The consolidated entity has applied AASB 2012-1 amendments from 1 July 2011. These amendments made changes to a range of Australian Accounting Standards and Interpretations for the purpose of closer alignment to International Financial Reporting Standards (‘IFRSs’) and harmonisation between Australian and New Zealand Standards. The amendments removed certain guidance and definitions from Australian Accounting Standards for conformity of drafting with IFRSs but without any intention to change requirements.

8

NOTE 1: SUMMARY OF SIGNIFICANT ACCOUNTING POLICIES (continued)

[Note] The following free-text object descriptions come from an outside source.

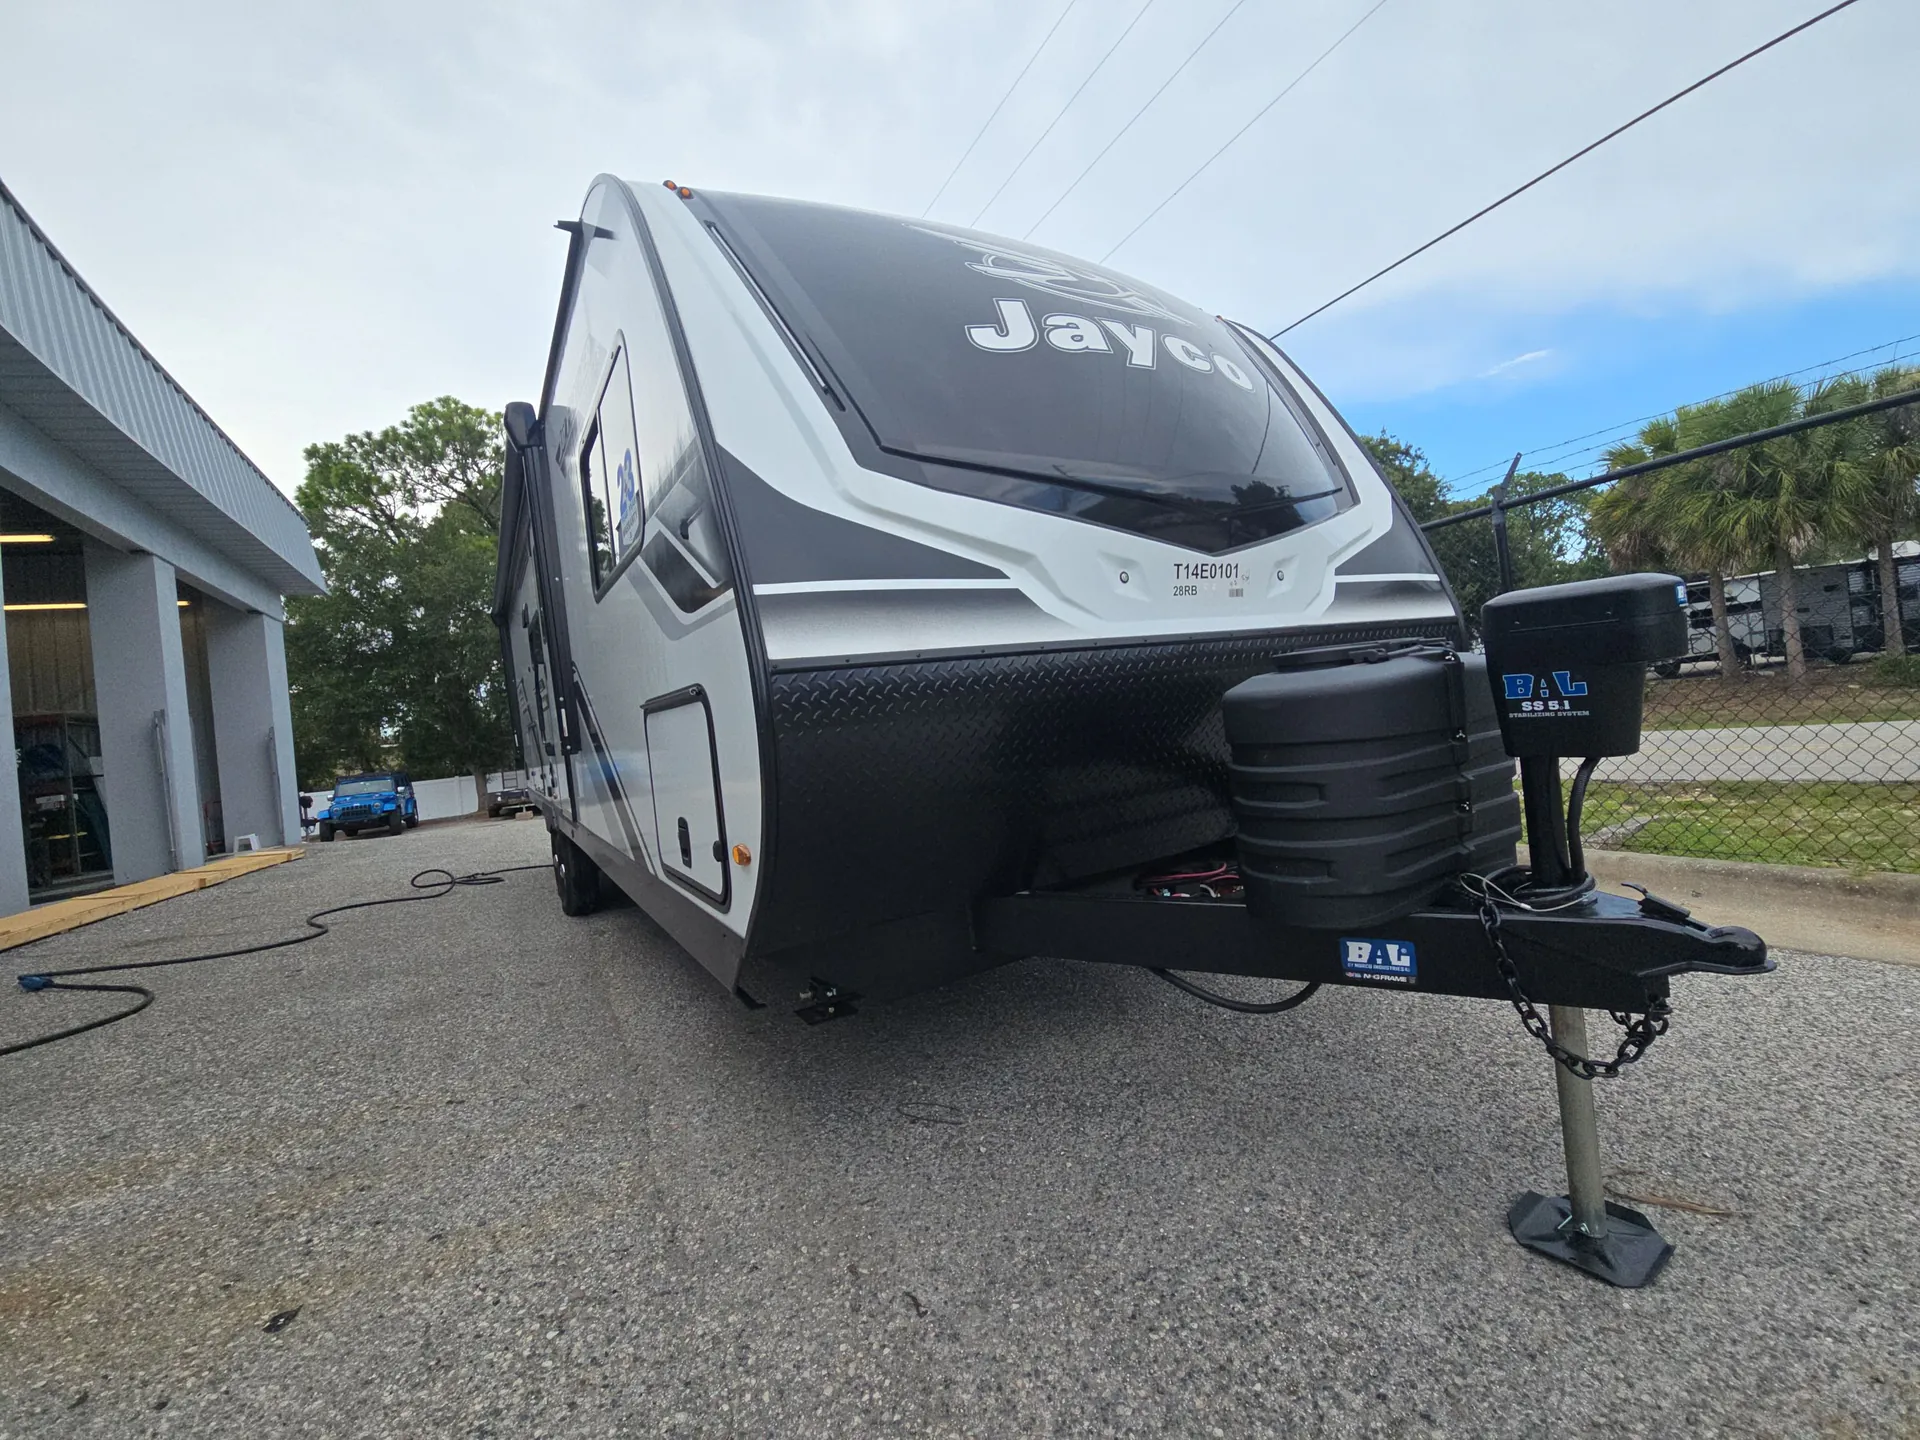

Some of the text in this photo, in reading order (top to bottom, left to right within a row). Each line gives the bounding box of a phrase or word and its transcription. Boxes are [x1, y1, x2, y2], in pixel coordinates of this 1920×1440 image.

[964, 297, 1256, 393] Jayco
[1173, 563, 1239, 579] T14E0101
[1173, 585, 1198, 596] 28RB
[1502, 670, 1588, 699] BAL
[1521, 701, 1544, 711] SS
[1346, 941, 1411, 967] BAL

AASB 2011-5 Amendments to Australian Accounting Standards – Extending Relief from Consolidation, the Equity Method and Proportionate Consolidation

The consolidated entity has applied AASB 2011-5 amendments from 1 July 2011. These amendments extended relief from consolidation, the equity method and proportionate consolidation where the ultimate or intermediate parent applied not-for-profit Aus paragraphs in Australian IFRSs as adopted in Australia.

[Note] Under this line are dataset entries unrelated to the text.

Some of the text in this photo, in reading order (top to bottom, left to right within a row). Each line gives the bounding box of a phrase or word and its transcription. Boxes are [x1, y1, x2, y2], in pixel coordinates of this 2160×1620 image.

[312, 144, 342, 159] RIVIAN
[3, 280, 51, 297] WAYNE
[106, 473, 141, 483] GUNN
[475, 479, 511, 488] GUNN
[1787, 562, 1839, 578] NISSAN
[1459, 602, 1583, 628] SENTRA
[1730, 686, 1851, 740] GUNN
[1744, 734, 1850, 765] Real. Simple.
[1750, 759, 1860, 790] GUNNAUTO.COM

NOTE 2: SEGMENT INFORMATION

The Group has identified its operating segments based on the internal reports that are reviewed and used by the Board of Directors (chief operating decision makers) in assessing performance and determining the allocation of resources.

The Group is managed primarily on the basis of product category and service offerings since the diversification of the Group’s operations inherently have notably different risk profiles and performance assessment criteria. Operating segments are therefore determined on the same basis.

Reportable segments disclosed are based on aggregating operating segments where the segments are considered to have similar economic characteristics and are also similar with respect to the following:

  • The products sold and/or services provided by the segment;

  • The manufacturing process;

Types of products and services by segment

Industrial packaging

The Industrial packaging division manufactures, sources and distributes industrial packaging materials and related products and services. All products produced or distributed are aggregated as one reportable segment as the products are similar in nature and are distributed to similar types of customers. The industrial packaging segment also installs, supports and maintains packaging machines.

Rigid packaging

The Rigid packaging division manufactures, sources and distributes containers and closures and related products and services. All products produced or distributed are aggregated as one reportable segment as the products are similar in nature and are manufactured and distributed to similar types of customers.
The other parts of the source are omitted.